*YOUR INSTRUCTIONS*
Leave out every line before the one that contains "this 1920×1440 image.". Please restate that line and the rest of the data word for word, through the end.

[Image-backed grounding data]
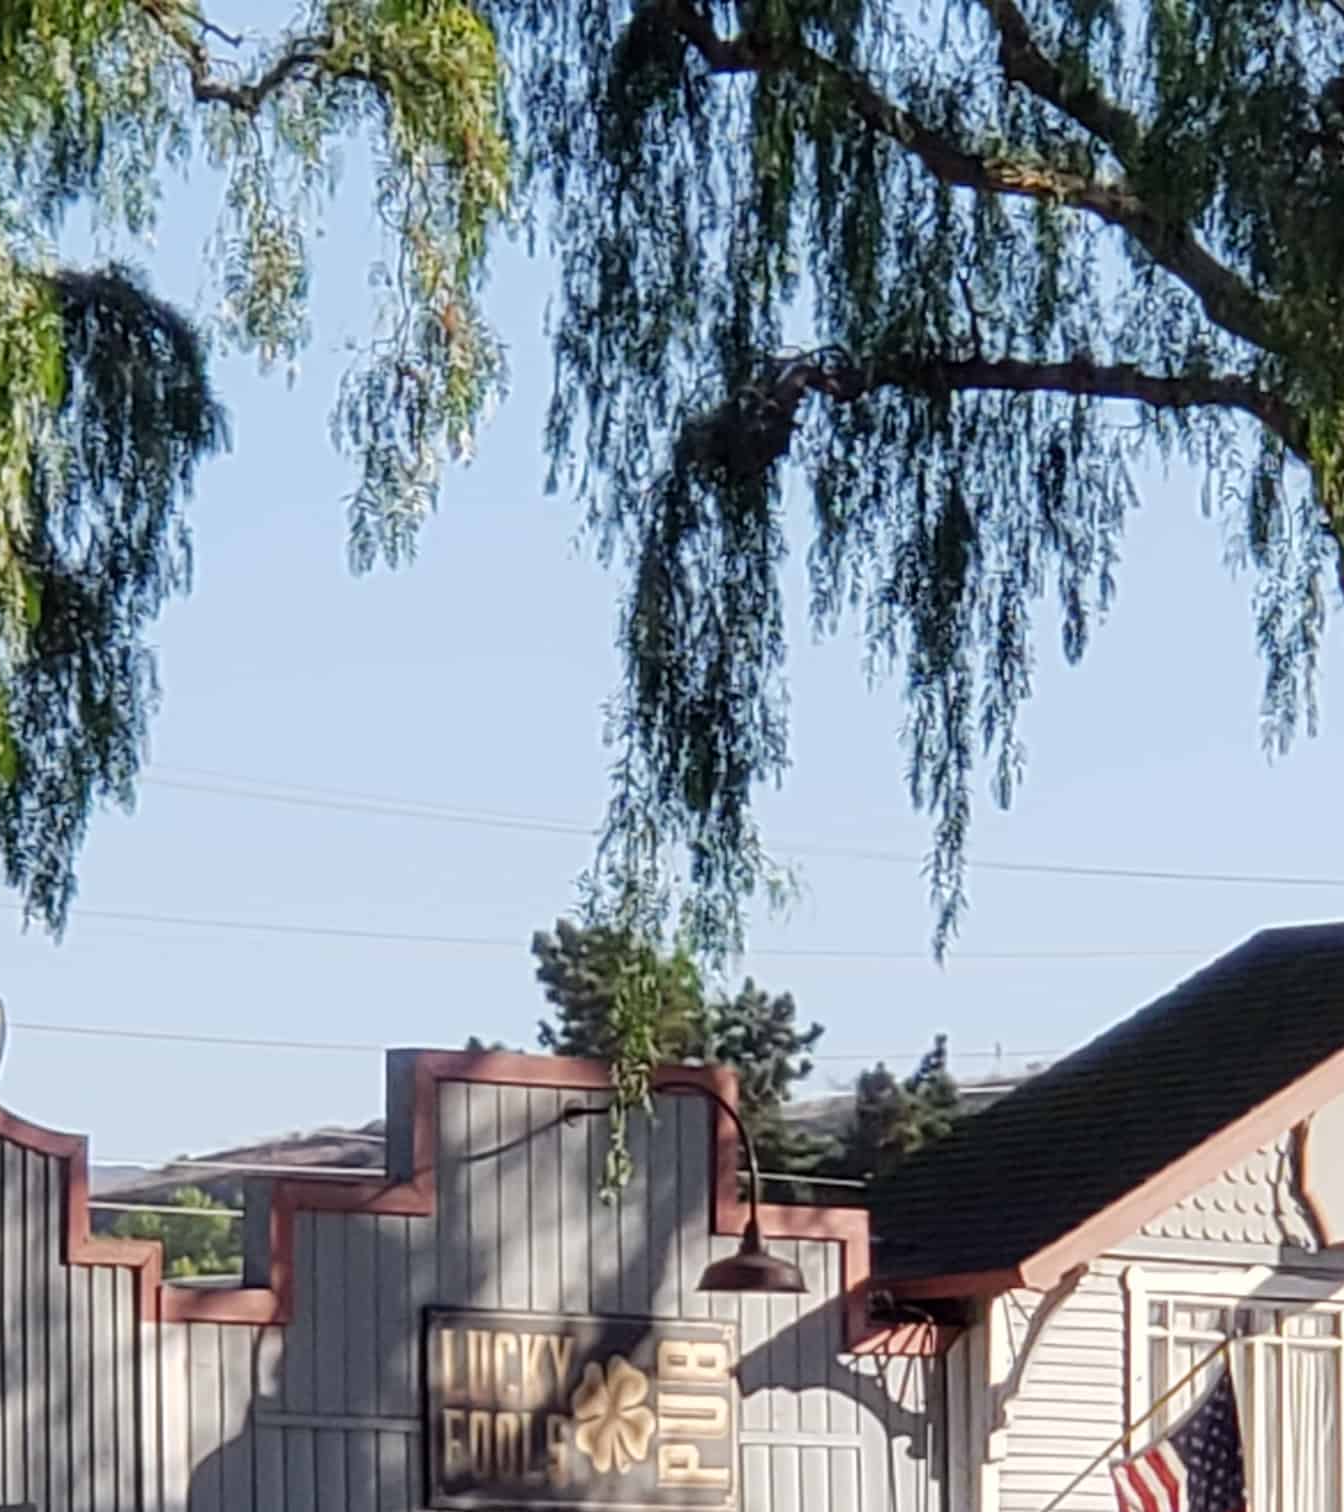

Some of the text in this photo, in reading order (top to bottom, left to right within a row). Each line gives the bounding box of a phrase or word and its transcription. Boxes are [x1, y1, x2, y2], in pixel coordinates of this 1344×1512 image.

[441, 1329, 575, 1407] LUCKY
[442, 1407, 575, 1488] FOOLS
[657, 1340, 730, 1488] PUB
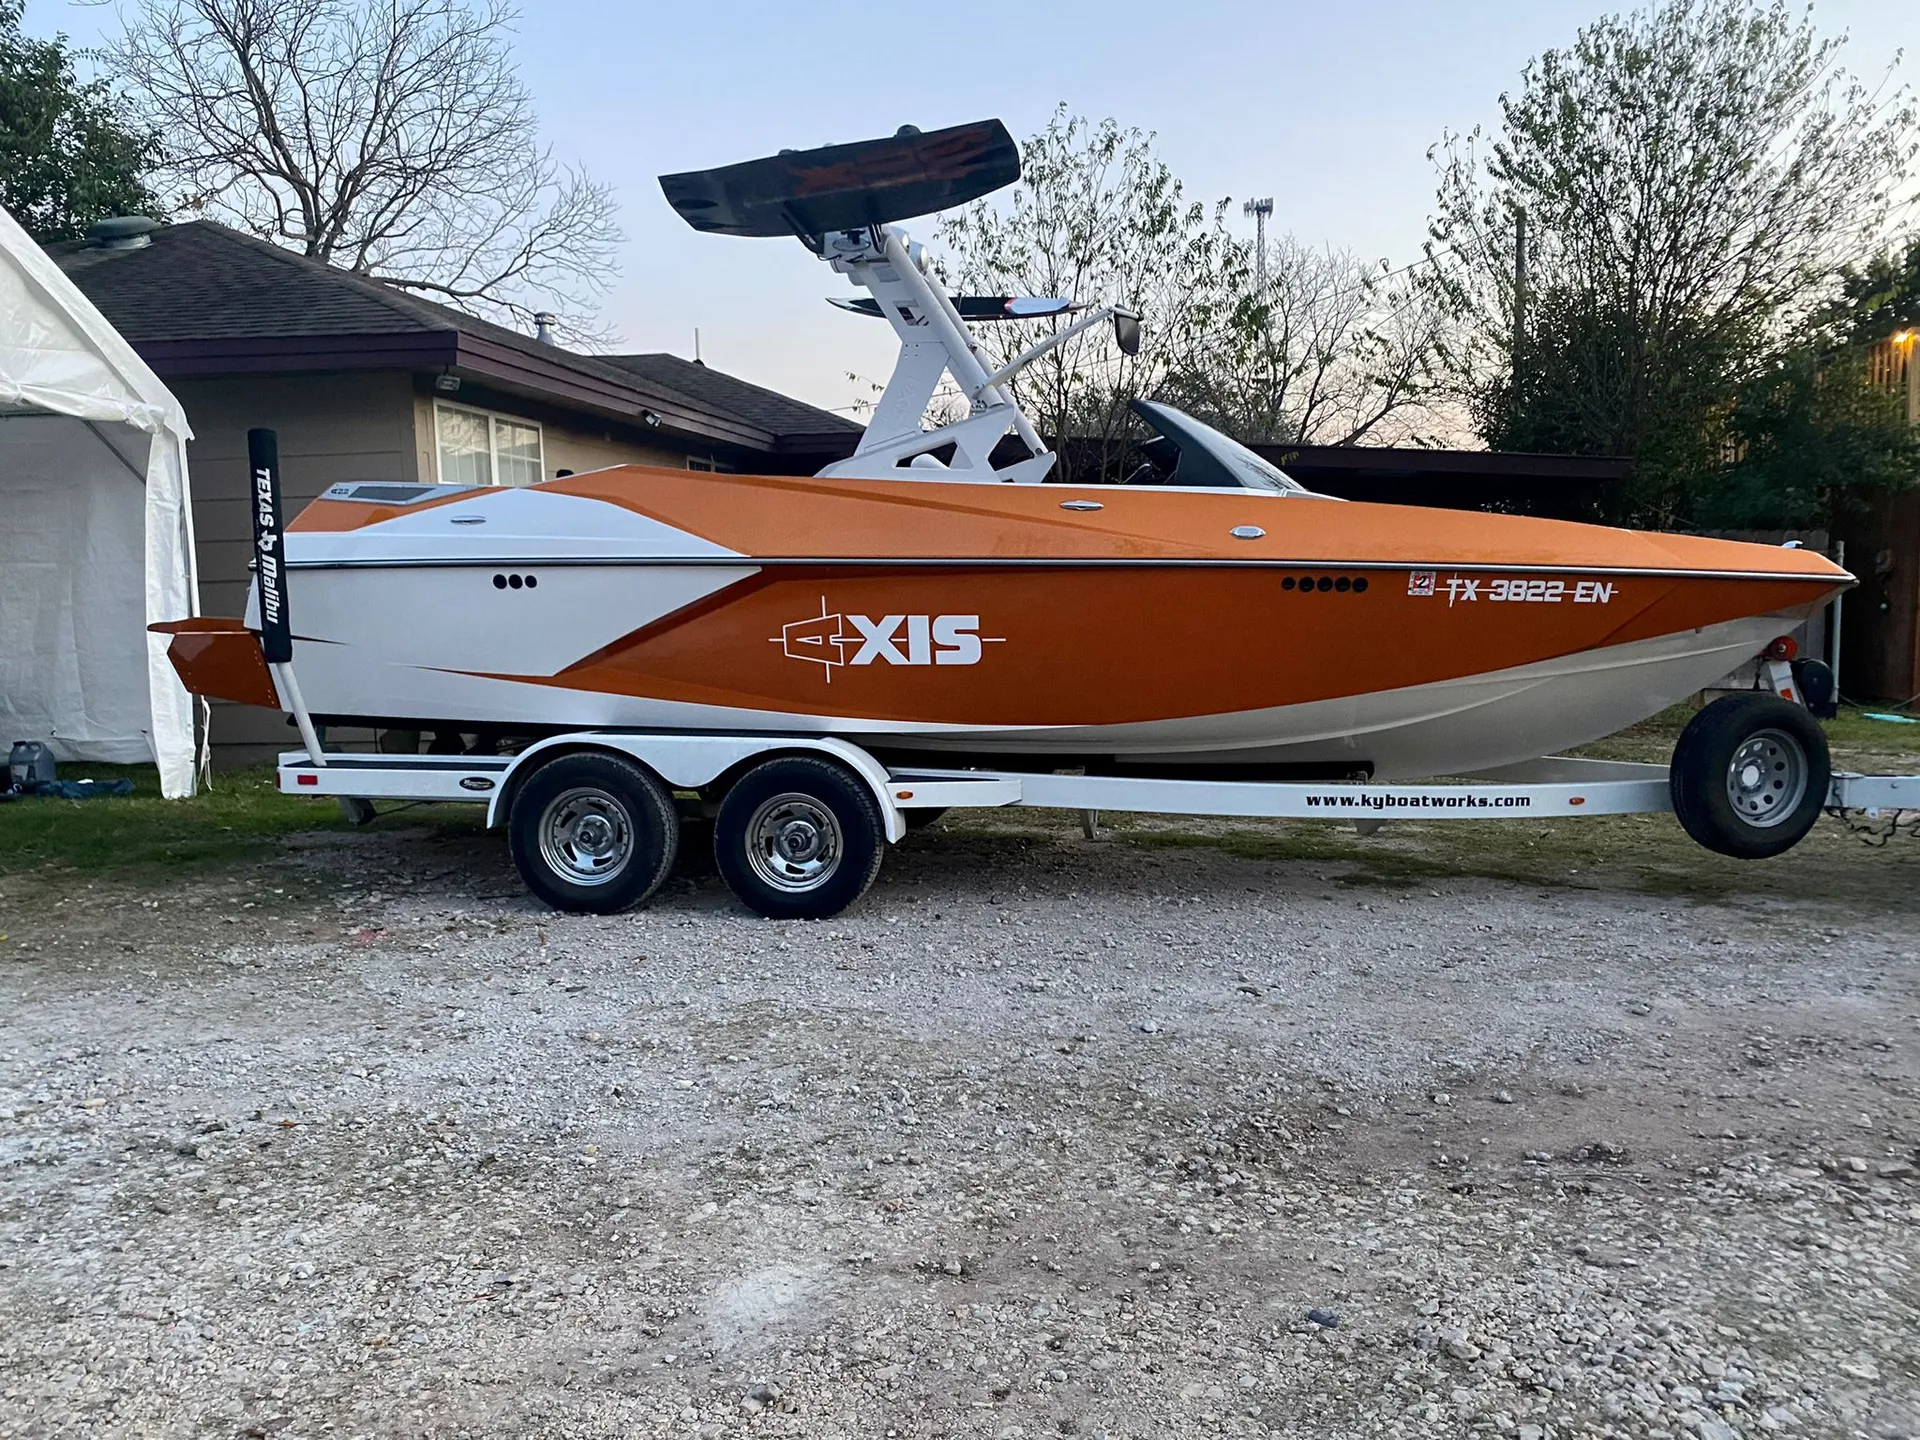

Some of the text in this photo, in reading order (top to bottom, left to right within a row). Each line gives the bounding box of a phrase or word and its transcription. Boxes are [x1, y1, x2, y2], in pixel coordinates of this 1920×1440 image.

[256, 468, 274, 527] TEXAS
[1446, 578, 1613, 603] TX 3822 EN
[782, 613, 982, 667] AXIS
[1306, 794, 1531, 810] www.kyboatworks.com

*SOLUTION FOR THIS EXERCISE*
Some of the text in this photo, in reading order (top to bottom, left to right within a row). Each line gives the bounding box of a phrase or word and its transcription. Boxes are [x1, y1, x2, y2], in pixel coordinates of this 1920×1440 image.

[256, 468, 274, 527] TEXAS
[1446, 578, 1613, 603] TX 3822 EN
[782, 613, 982, 667] AXIS
[1306, 794, 1531, 810] www.kyboatworks.com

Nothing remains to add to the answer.